LAJ12345 profile image

Just an update on how hubby is doing. He is feeling better than he has been for years! Something seems to have had a positive effect and he is positively energetic and laughing and talking and back to helping with housework, and joining in with the family. He has even got into our spa pool with me that we have had 3 years which he has always refused to do before, and has been playing music which is a sign he is feeling better. Yesterday we went for a 3 hour stroll around town, stopped for lunch at a cafe and walked home. Last year he would have flaked out on the bed after a 45 minute walk. So I am pretty happy.

Last winter he was very anxious and sick , always fluey and even suicidal. He hid away in his bedroom and would not join into anything. Any kind of conflict with our teenaged son would make him sick the next day.

He has been improving slightly since the beginning of the year but I changed a few things around a few months ago and added a few things and the improvements seem to have snowballed. This is his timeline. It is impossible to tell which helped most as some effects are gradual and they were added together.

In November he got his Apolloneuro which is a device that has helped with his anxiety. The effect was subtle and gradual.

In the early year he got his red light coronet hat and uses it twice a day and improvements continued.

Then he did a 3 month course of toxaprevent which is supposed to remove toxins and infections in the gut. It was hard to tell if it made a difference but gradual improvements continued.

A couple of months ago he changed to the new Hardy’s daily essential nutrients with added vitamers which is designed for people with the mthfr genetic mutation of which he has a double mutation.

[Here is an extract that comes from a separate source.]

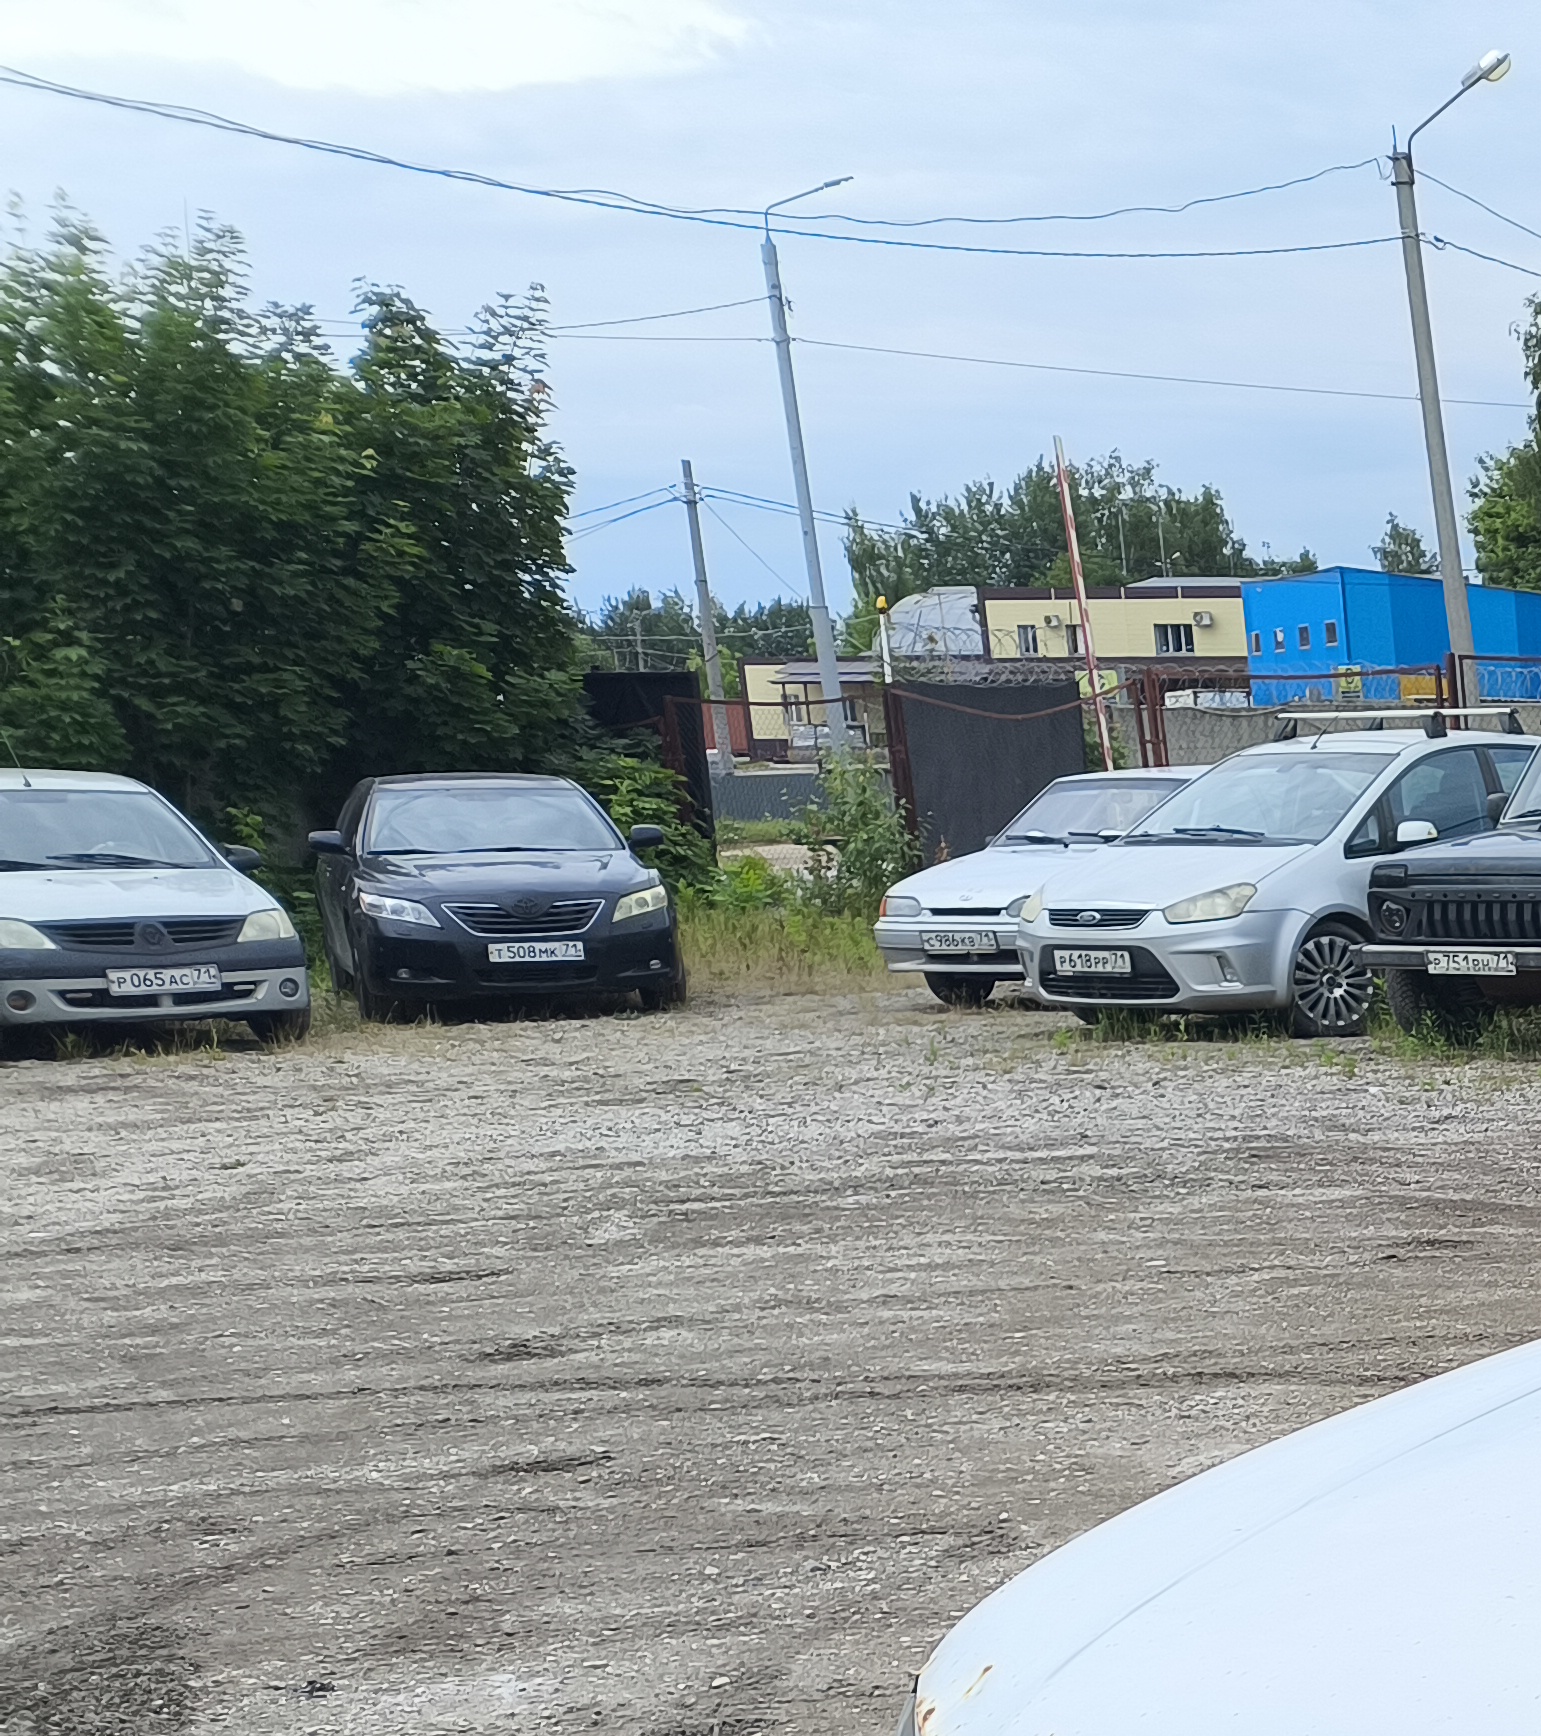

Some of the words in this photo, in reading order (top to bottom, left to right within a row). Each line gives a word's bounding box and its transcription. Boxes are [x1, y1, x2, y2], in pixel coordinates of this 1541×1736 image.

Then he got off the final tiny bit of mirtazapine and sertraline that he has been weaning off for 2 years. It was such a tiny amount the doctor didn’t believe it could be doing anything but previously he had stopped it on a slightly higher amount which was still a tiny fraction of the original dose and he suffered so much he had to restart at the tiny dose.

Then a few months ago he started on 2x30mg ambroxol x2 per day

And 1 tsp Ceylon cinnamon

And 500mg of rhodiola rosea

He has swapped fish oil to one with high epa 1200: DHA 300 ratio.

And added hemp oil 2000mg per day, liposomal vitamin c, citrus bioflavonoids, krill oil.

The accelerated improvement was over the last few months but could have been in part due to the rest of the changes. It could also be due to the mirtazapine and sertraline being out of his system.

I feel like the rhodiola made a difference but it could have been coincidental.

He still takes many other supplements still too so it could have been additive with them .

He is now coping well with any stressful situations like conflict with our son and the worry of covid and the bridge club being closed.

See photos below for full regime

67 Replies

None of that stuff would make any bit of difference without the one main thing he has going for him, and that most important piece of the puzzle is he has a most outstanding and loving wife taking extra special care of him! He is a very lucky guy and you are amazing!

Thanks for that! It’s worth it to have him feeling better. It must be something else too though as support has been continuous and this has been quite a change over a few months.

You work very hard and it is paying off !

LAJ,

Everybody wishes they could have an advocate like you! When he was locked away in his room you kept the pedal to the metal in searching relentlessly for help for him and this is the result of all your hard work! Congratulations to both of you!

Art

LAJ12345 profile image
LAJ12345 in reply to chartist

Thanks😊

He’s a lucky man to have you in his corner.

LAJ12345 profile image
LAJ12345 in reply to reedboat2

Thanks😊

Current regime

Regime

Wow! That is a lot, but having said that, it's very similar in our cupboard with all the products I give my hubby too

OAFC profile image
OAFC in reply to glenandgerry

Congratulations to your husband feeling better and having so much wonderful support from you…...Unfortunately I’m at the staying in my bed stage with little support or hope of feeling better anytime soon…And WOW that is a lot of supplements How do you keep track giving all them out and do they all benefit him with no adverse reactions especially to his liver which will have to process them all ???

LAJ12345 profile image
LAJ12345 in reply to OAFC

Well most of them he has been taking for around 2 years. He had checkup with GP with thorough blood tests, liver function test etc after he had been on them for about 6 months and a year and everything was normal . He feels so much better too. He used to have no energy , would sleep most of the day, refuse to do anything and always say he felt fluey. Now he feels better than he has for many years. I think food has many different compounds in it. Most of these supplements are vitamins, natural oils and herbs so you wouldn’t think twice about eating a big varied plate of vegetables and fish oils which would have more compounds.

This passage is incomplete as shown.